Dataset entries
++++++++
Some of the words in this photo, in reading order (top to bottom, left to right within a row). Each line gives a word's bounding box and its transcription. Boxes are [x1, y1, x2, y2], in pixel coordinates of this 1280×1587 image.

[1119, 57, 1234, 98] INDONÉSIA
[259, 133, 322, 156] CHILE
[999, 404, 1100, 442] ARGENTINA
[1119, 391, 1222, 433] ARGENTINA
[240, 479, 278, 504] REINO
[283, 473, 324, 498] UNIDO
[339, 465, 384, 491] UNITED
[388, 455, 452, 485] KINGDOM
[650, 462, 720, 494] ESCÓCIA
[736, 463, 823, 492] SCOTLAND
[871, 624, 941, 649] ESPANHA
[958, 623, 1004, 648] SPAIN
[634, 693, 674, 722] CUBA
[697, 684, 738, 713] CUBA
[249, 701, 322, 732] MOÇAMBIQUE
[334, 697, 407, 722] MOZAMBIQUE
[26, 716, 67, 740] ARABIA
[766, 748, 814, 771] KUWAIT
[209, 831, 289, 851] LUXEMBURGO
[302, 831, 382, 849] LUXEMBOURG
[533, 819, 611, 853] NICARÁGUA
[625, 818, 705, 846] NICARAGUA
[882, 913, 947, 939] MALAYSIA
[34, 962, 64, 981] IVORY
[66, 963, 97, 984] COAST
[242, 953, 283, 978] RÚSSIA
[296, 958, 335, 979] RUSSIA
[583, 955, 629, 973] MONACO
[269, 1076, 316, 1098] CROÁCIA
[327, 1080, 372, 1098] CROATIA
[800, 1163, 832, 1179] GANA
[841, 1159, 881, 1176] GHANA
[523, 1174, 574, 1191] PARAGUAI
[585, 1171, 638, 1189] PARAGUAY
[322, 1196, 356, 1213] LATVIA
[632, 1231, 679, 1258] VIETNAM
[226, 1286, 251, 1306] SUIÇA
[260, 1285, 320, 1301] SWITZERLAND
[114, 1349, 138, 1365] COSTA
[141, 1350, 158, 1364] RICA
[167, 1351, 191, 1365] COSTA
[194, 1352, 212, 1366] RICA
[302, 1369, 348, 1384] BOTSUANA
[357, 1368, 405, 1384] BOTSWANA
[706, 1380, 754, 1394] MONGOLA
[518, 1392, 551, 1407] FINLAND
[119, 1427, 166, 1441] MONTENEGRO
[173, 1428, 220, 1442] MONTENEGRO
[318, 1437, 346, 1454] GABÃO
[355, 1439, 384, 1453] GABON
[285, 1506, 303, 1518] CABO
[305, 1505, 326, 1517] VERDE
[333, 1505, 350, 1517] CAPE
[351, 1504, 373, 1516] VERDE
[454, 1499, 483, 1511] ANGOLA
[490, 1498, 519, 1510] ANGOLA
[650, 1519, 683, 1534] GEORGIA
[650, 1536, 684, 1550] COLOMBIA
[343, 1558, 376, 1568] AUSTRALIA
++++++++
**Work request**: The records need to be copied exactly, with no line left out.

**Output**:
Some of the words in this photo, in reading order (top to bottom, left to right within a row). Each line gives a word's bounding box and its transcription. Boxes are [x1, y1, x2, y2], in pixel coordinates of this 1280×1587 image.

[1119, 57, 1234, 98] INDONÉSIA
[259, 133, 322, 156] CHILE
[999, 404, 1100, 442] ARGENTINA
[1119, 391, 1222, 433] ARGENTINA
[240, 479, 278, 504] REINO
[283, 473, 324, 498] UNIDO
[339, 465, 384, 491] UNITED
[388, 455, 452, 485] KINGDOM
[650, 462, 720, 494] ESCÓCIA
[736, 463, 823, 492] SCOTLAND
[871, 624, 941, 649] ESPANHA
[958, 623, 1004, 648] SPAIN
[634, 693, 674, 722] CUBA
[697, 684, 738, 713] CUBA
[249, 701, 322, 732] MOÇAMBIQUE
[334, 697, 407, 722] MOZAMBIQUE
[26, 716, 67, 740] ARABIA
[766, 748, 814, 771] KUWAIT
[209, 831, 289, 851] LUXEMBURGO
[302, 831, 382, 849] LUXEMBOURG
[533, 819, 611, 853] NICARÁGUA
[625, 818, 705, 846] NICARAGUA
[882, 913, 947, 939] MALAYSIA
[34, 962, 64, 981] IVORY
[66, 963, 97, 984] COAST
[242, 953, 283, 978] RÚSSIA
[296, 958, 335, 979] RUSSIA
[583, 955, 629, 973] MONACO
[269, 1076, 316, 1098] CROÁCIA
[327, 1080, 372, 1098] CROATIA
[800, 1163, 832, 1179] GANA
[841, 1159, 881, 1176] GHANA
[523, 1174, 574, 1191] PARAGUAI
[585, 1171, 638, 1189] PARAGUAY
[322, 1196, 356, 1213] LATVIA
[632, 1231, 679, 1258] VIETNAM
[226, 1286, 251, 1306] SUIÇA
[260, 1285, 320, 1301] SWITZERLAND
[114, 1349, 138, 1365] COSTA
[141, 1350, 158, 1364] RICA
[167, 1351, 191, 1365] COSTA
[194, 1352, 212, 1366] RICA
[302, 1369, 348, 1384] BOTSUANA
[357, 1368, 405, 1384] BOTSWANA
[706, 1380, 754, 1394] MONGOLA
[518, 1392, 551, 1407] FINLAND
[119, 1427, 166, 1441] MONTENEGRO
[173, 1428, 220, 1442] MONTENEGRO
[318, 1437, 346, 1454] GABÃO
[355, 1439, 384, 1453] GABON
[285, 1506, 303, 1518] CABO
[305, 1505, 326, 1517] VERDE
[333, 1505, 350, 1517] CAPE
[351, 1504, 373, 1516] VERDE
[454, 1499, 483, 1511] ANGOLA
[490, 1498, 519, 1510] ANGOLA
[650, 1519, 683, 1534] GEORGIA
[650, 1536, 684, 1550] COLOMBIA
[343, 1558, 376, 1568] AUSTRALIA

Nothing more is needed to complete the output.